[Records drawn from a dataset]
● ● ● ●

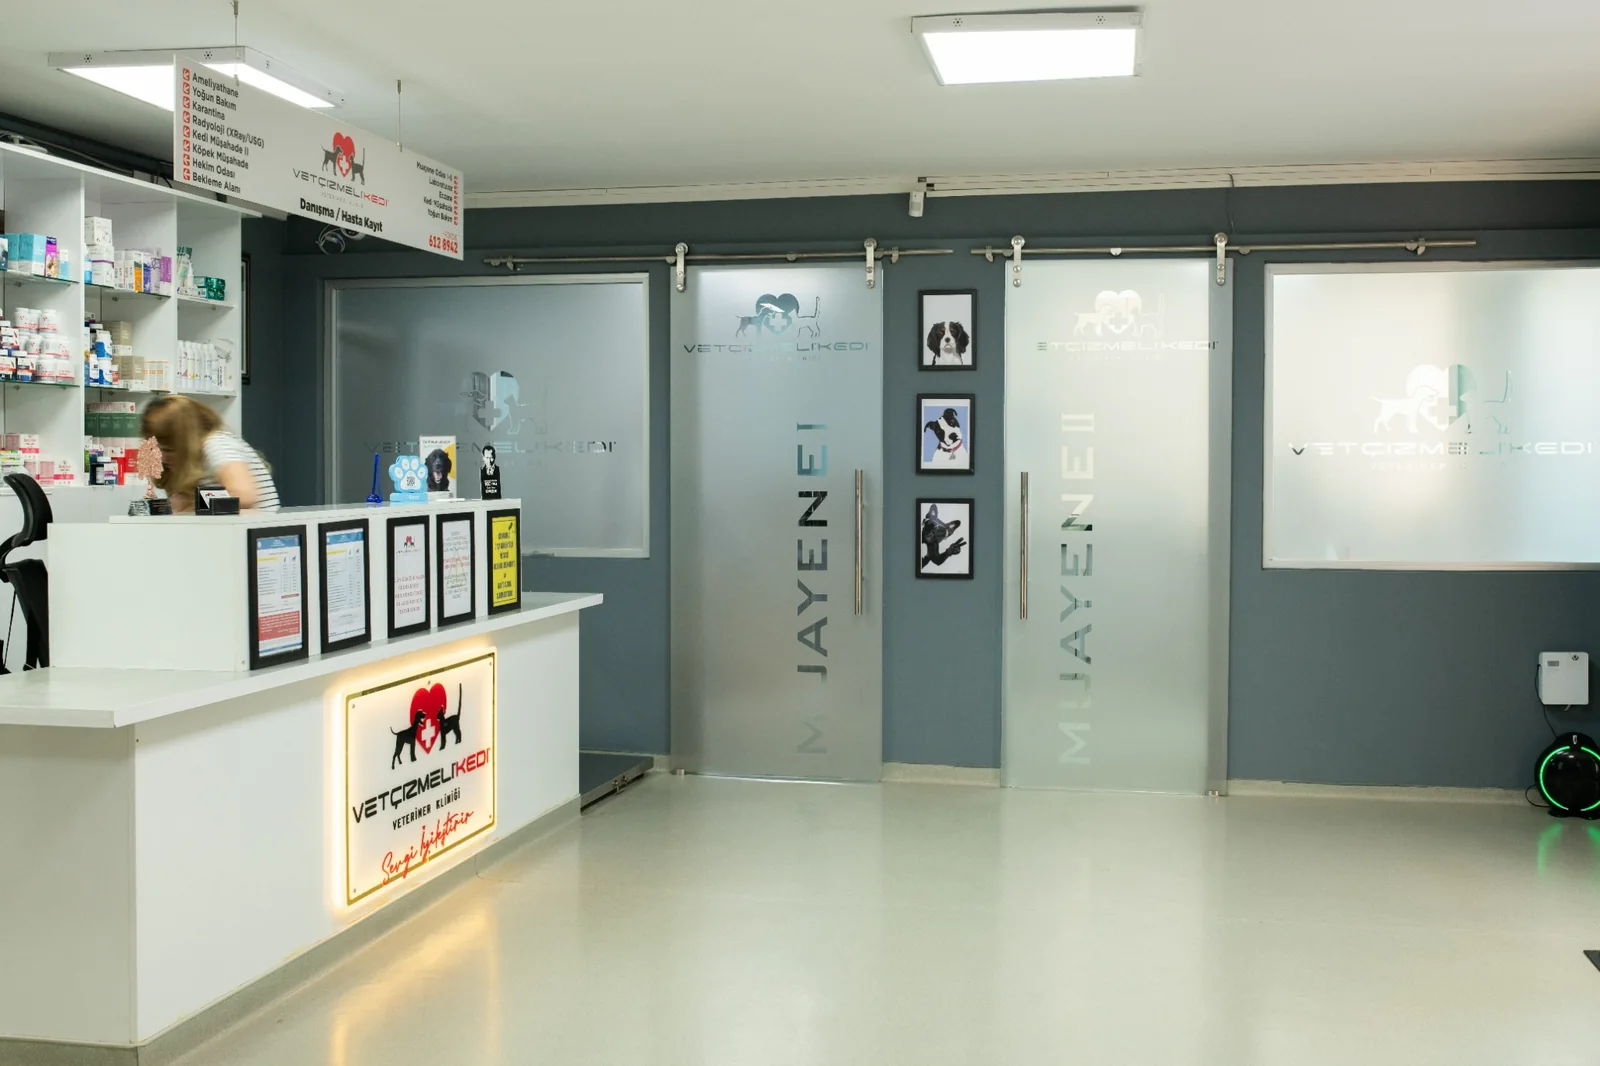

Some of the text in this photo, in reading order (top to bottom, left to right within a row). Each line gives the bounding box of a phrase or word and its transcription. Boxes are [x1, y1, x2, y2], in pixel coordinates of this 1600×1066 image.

[192, 73, 239, 98] Ameliyathane
[192, 86, 237, 111] Yoğun Bakım
[192, 100, 225, 120] Karantina
[192, 115, 225, 135] Radyoloji
[192, 129, 208, 142] Kedi
[192, 143, 215, 160] Köpek
[192, 158, 235, 179] Hekim Odası
[192, 172, 241, 193] Bekleme Alanı
[300, 197, 335, 218] Danışma
[341, 210, 363, 226] Hasta
[364, 217, 383, 232] Kayıt
[429, 235, 441, 250] 612
[442, 238, 458, 254] 8942
[392, 787, 460, 831] VETERİNER KLİNİĞİ
[382, 846, 418, 885] Sevgi
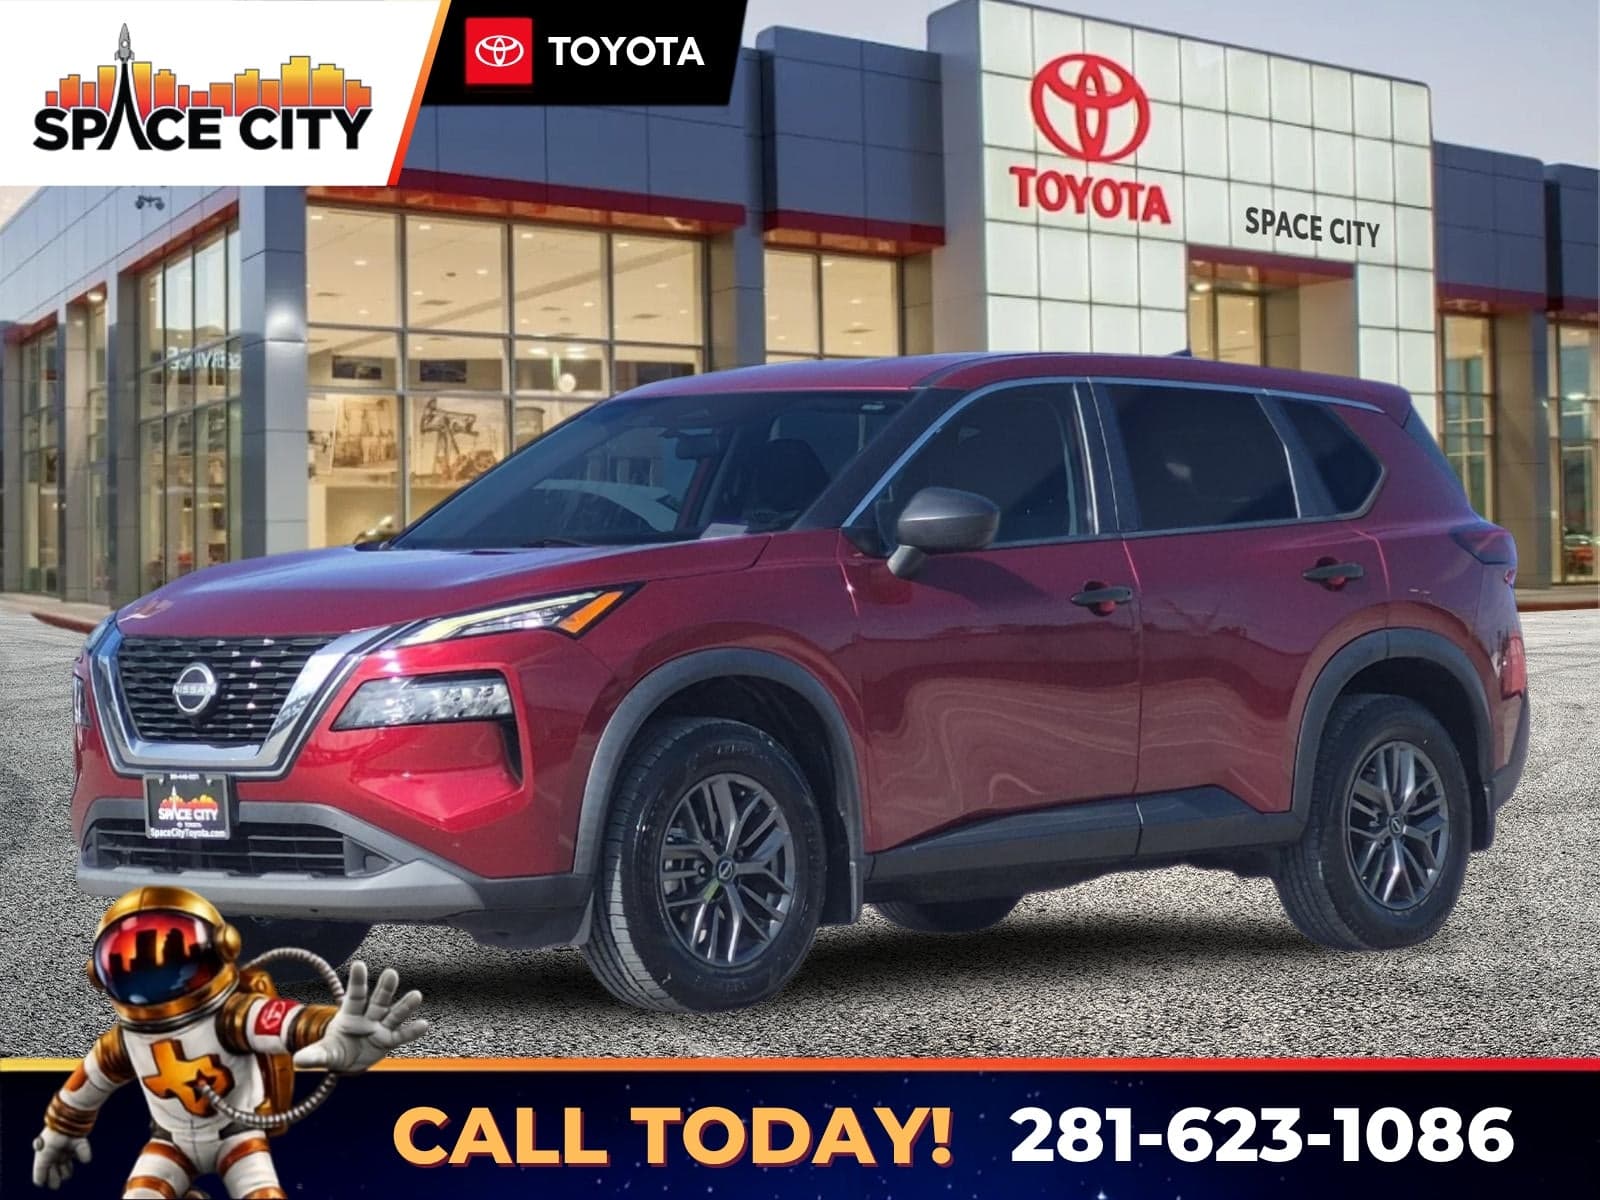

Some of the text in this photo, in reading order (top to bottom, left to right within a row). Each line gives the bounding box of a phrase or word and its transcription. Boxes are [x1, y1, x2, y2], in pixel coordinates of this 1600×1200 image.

[1009, 165, 1172, 225] TOYOTA
[1245, 207, 1381, 248] SPACE CITY
[172, 683, 217, 696] NISSAN
[158, 807, 218, 821] SPACE CITY
[150, 827, 226, 838] SpaceCityToyota.com
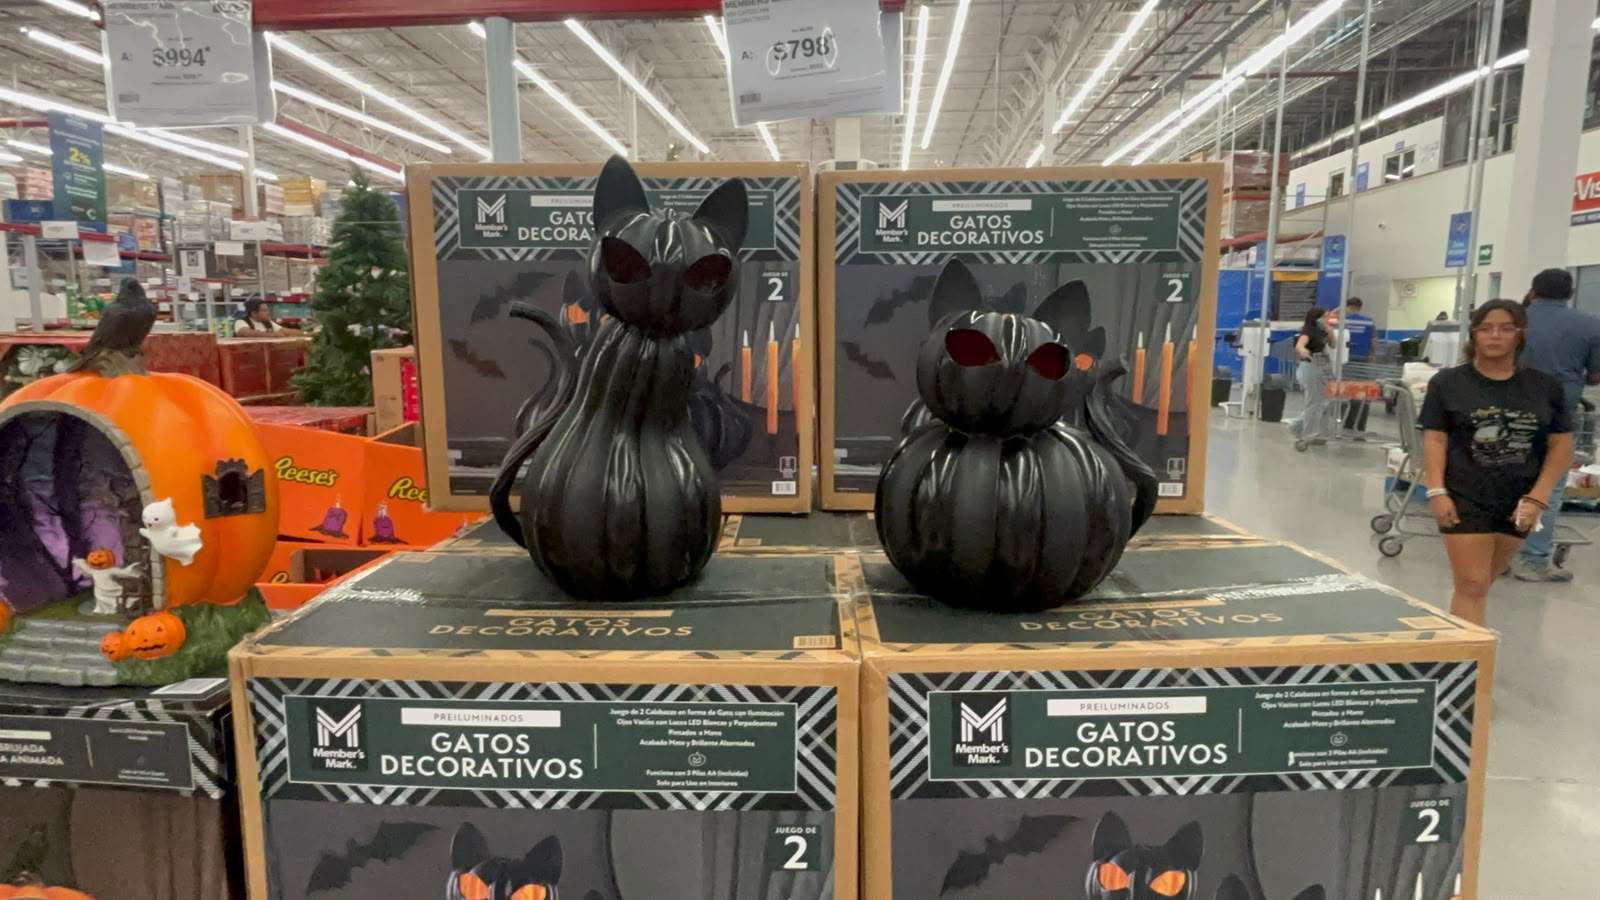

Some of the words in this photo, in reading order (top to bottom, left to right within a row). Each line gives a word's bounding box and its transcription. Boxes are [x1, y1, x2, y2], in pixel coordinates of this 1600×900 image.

[741, 51, 753, 60] A:
[474, 223, 508, 232] Member's
[950, 215, 1012, 229] GATOS
[518, 227, 597, 241] DECORA
[875, 228, 909, 237] Member's
[917, 230, 1044, 245] DECORATIVOS
[767, 278, 784, 301] 2
[1166, 278, 1183, 302] 2
[275, 457, 337, 486] Reese's
[1078, 608, 1203, 621] GATOS
[509, 617, 632, 628] GATOS
[1020, 612, 1285, 631] DECORATIVOS
[429, 624, 694, 637] DECORATIVOS
[608, 708, 630, 716] Juego
[645, 708, 678, 716] Calabazas
[1079, 701, 1170, 711] PREILUMINADOS
[433, 712, 524, 722] PREILUMINADOS
[1077, 721, 1176, 743] GATOS
[431, 732, 530, 755] GATOS
[955, 743, 1009, 754] Member's
[313, 747, 365, 759] Member's
[1025, 743, 1228, 768] DECORATIVOS
[10, 754, 65, 766] ANIMADA
[381, 755, 584, 779] DECORATIVOS
[1410, 800, 1437, 808] JUEGO
[1438, 799, 1450, 807] DE
[1416, 808, 1440, 842] 2
[783, 835, 809, 869] 2
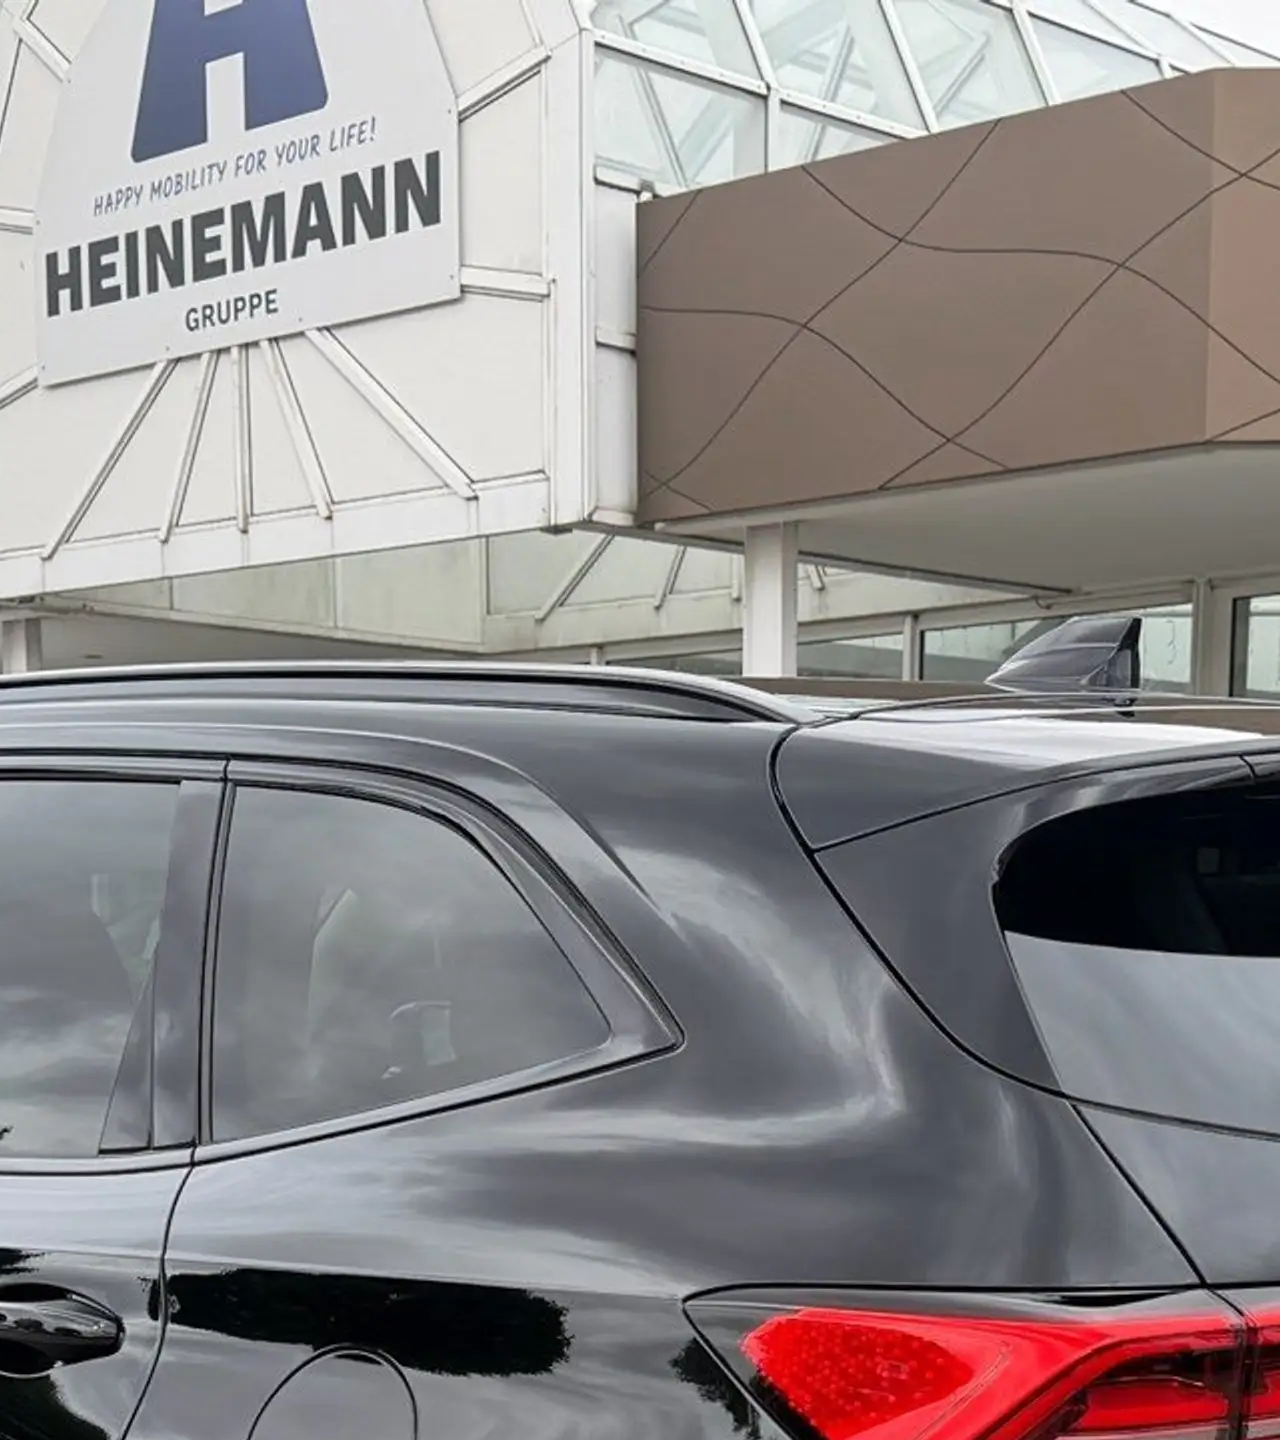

● ● ● ●

§ The task: Make an exact copy of the records shown above, without the pictures.

§ Result of this exercise:
Some of the text in this photo, in reading order (top to bottom, left to right within a row). Each line gives the bounding box of a phrase or word and its transcription. Boxes are [x1, y1, x2, y2], in pixel coordinates of this 1600×1066 image.

[192, 73, 239, 98] Ameliyathane
[192, 86, 237, 111] Yoğun Bakım
[192, 100, 225, 120] Karantina
[192, 115, 225, 135] Radyoloji
[192, 129, 208, 142] Kedi
[192, 143, 215, 160] Köpek
[192, 158, 235, 179] Hekim Odası
[192, 172, 241, 193] Bekleme Alanı
[300, 197, 335, 218] Danışma
[341, 210, 363, 226] Hasta
[364, 217, 383, 232] Kayıt
[429, 235, 441, 250] 612
[442, 238, 458, 254] 8942
[392, 787, 460, 831] VETERİNER KLİNİĞİ
[382, 846, 418, 885] Sevgi

Some of the text in this photo, in reading order (top to bottom, left to right within a row). Each line gives the bounding box of a phrase or word and its transcription. Boxes are [x1, y1, x2, y2], in pixel coordinates of this 1600×1200 image.

[1009, 165, 1172, 225] TOYOTA
[1245, 207, 1381, 248] SPACE CITY
[172, 683, 217, 696] NISSAN
[158, 807, 218, 821] SPACE CITY
[150, 827, 226, 838] SpaceCityToyota.com

Some of the words in this photo, in reading order (top to bottom, left to right within a row). Each line gives a word's bounding box and its transcription. Boxes are [x1, y1, x2, y2], in pixel coordinates of this 1600×900 image.

[741, 51, 753, 60] A:
[474, 223, 508, 232] Member's
[950, 215, 1012, 229] GATOS
[518, 227, 597, 241] DECORA
[875, 228, 909, 237] Member's
[917, 230, 1044, 245] DECORATIVOS
[767, 278, 784, 301] 2
[1166, 278, 1183, 302] 2
[275, 457, 337, 486] Reese's
[1078, 608, 1203, 621] GATOS
[509, 617, 632, 628] GATOS
[1020, 612, 1285, 631] DECORATIVOS
[429, 624, 694, 637] DECORATIVOS
[608, 708, 630, 716] Juego
[645, 708, 678, 716] Calabazas
[1079, 701, 1170, 711] PREILUMINADOS
[433, 712, 524, 722] PREILUMINADOS
[1077, 721, 1176, 743] GATOS
[431, 732, 530, 755] GATOS
[955, 743, 1009, 754] Member's
[313, 747, 365, 759] Member's
[1025, 743, 1228, 768] DECORATIVOS
[10, 754, 65, 766] ANIMADA
[381, 755, 584, 779] DECORATIVOS
[1410, 800, 1437, 808] JUEGO
[1438, 799, 1450, 807] DE
[1416, 808, 1440, 842] 2
[783, 835, 809, 869] 2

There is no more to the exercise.